Jacob seufzte ergeben. Ihm blieb nichts anderes übrig als zu hoffen, daß Li Fu kein Angeber war.

Die vier zurückgebliebenen Chinesen und der Deutsche duckten sich in den Schatten eines Geräteschuppens und starrten zu dem Vorbau hinüber. Sie sahen drei Gestalten.

Die beiden Wächter standen eng beieinander unter dem schräg abflachenden Dach. Beide rauchten jetzt. Zwei glühende Punkte schwebten in Kopfhöhe und tanzten kurz, wenn einer der Männer eine heftige Bewegung machte.

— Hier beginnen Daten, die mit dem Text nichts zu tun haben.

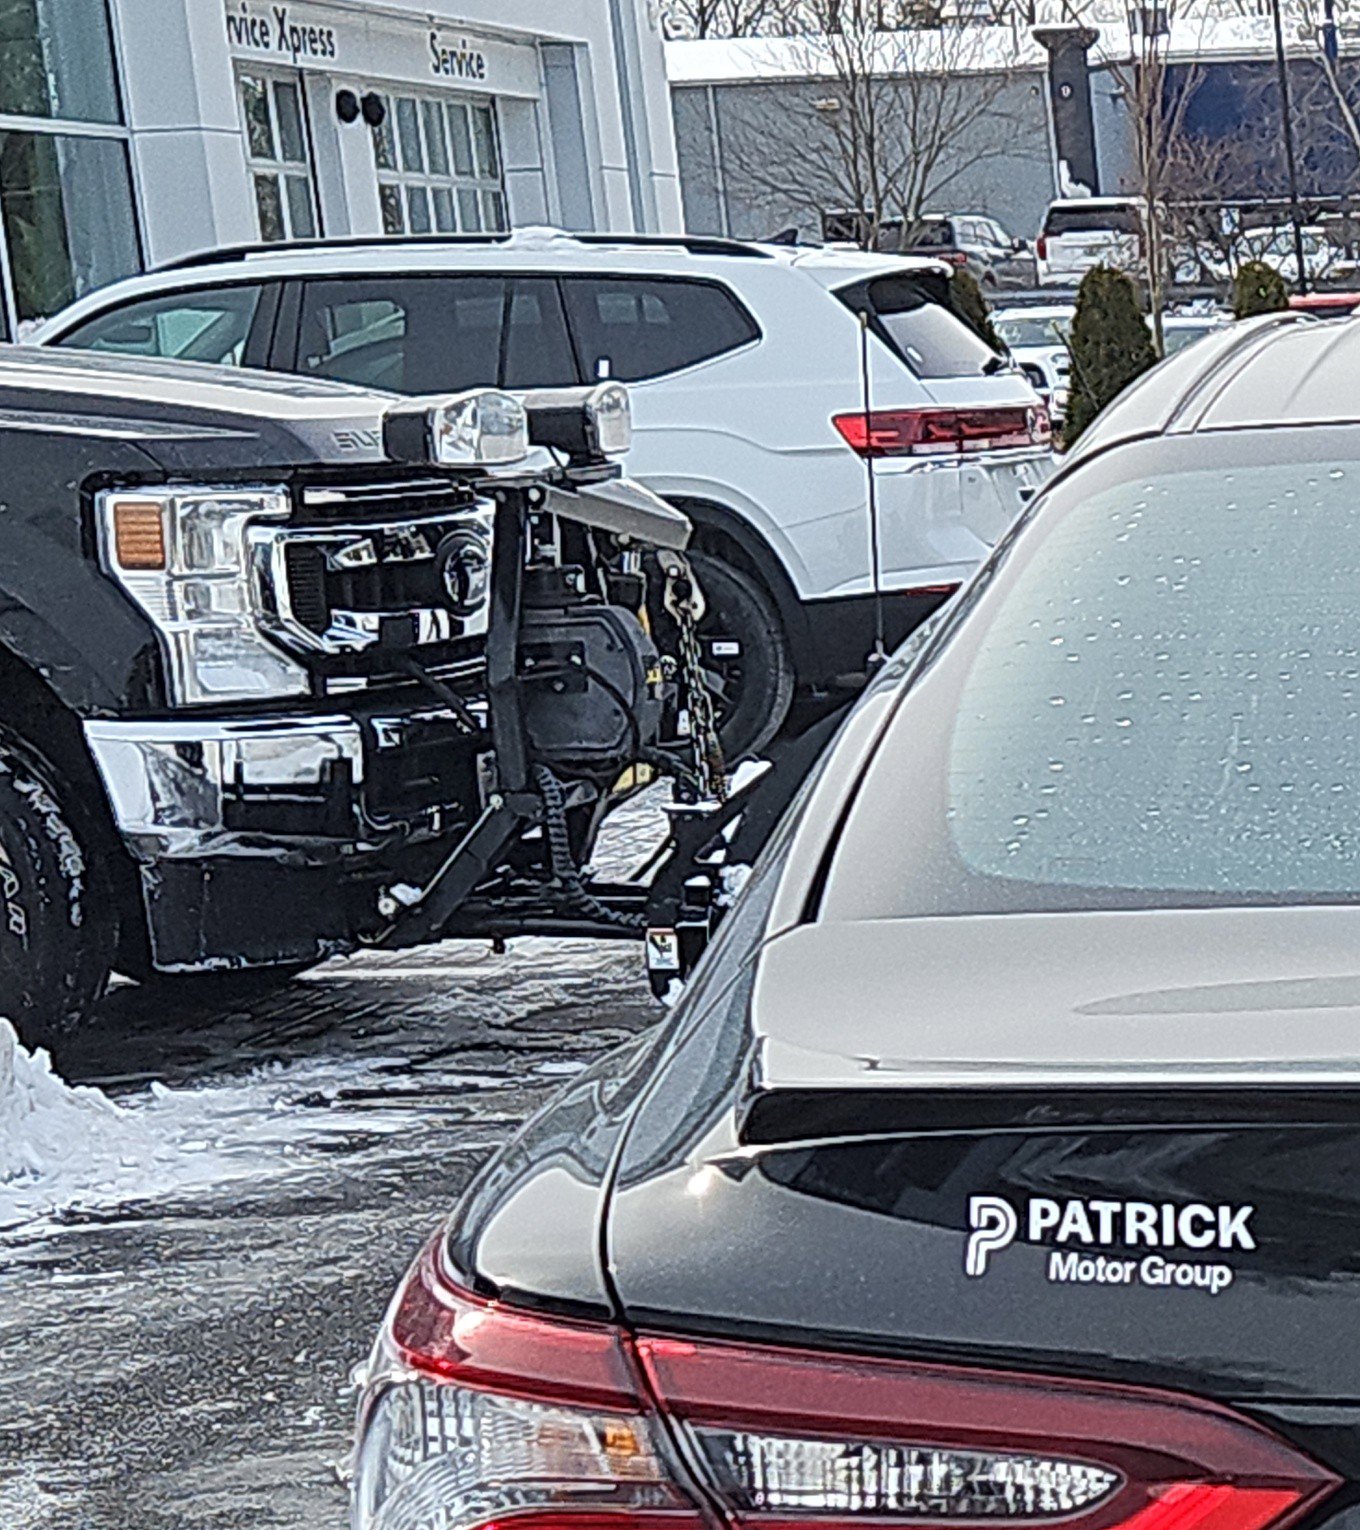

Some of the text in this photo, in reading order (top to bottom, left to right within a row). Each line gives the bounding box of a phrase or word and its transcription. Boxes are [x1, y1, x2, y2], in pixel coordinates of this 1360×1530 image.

Die dritte Gestalt war Wei Chou. Fünfzehn Yards von den beiden entfernt ging er in die Knie.

Die Beobachter sahen ihn nur von hinten. Jacob stellte sich vor, wie er die Armbrust spannte und anlegte.

Da hörte er auch schon ein leises Sirren, durch den Regen kaum wahrnehmbar. Ein schnell erstickendes Röcheln folgte, einer der glühenden Punkte fiel zu Boden, dann ein dumpfer Aufschlag. Er war noch nicht verklungen, als sich das Ganze wiederholte.

»Weiter!« zischte Li Fu.

Täuschte sich Jacob, oder warf ihm der Chinese einen triumphierenden Blick zu?

Als sie zu dem Vordach kamen, kniete Wei Chou schon neben den Wächtern. Er hatte die abgeschossenen Bolzen wieder an sich genommen.

Jetzt hielt er ein Messer mit blutiger Klinge in der Hand. Er hatte beiden Männern die Kehle durchgeschnitten.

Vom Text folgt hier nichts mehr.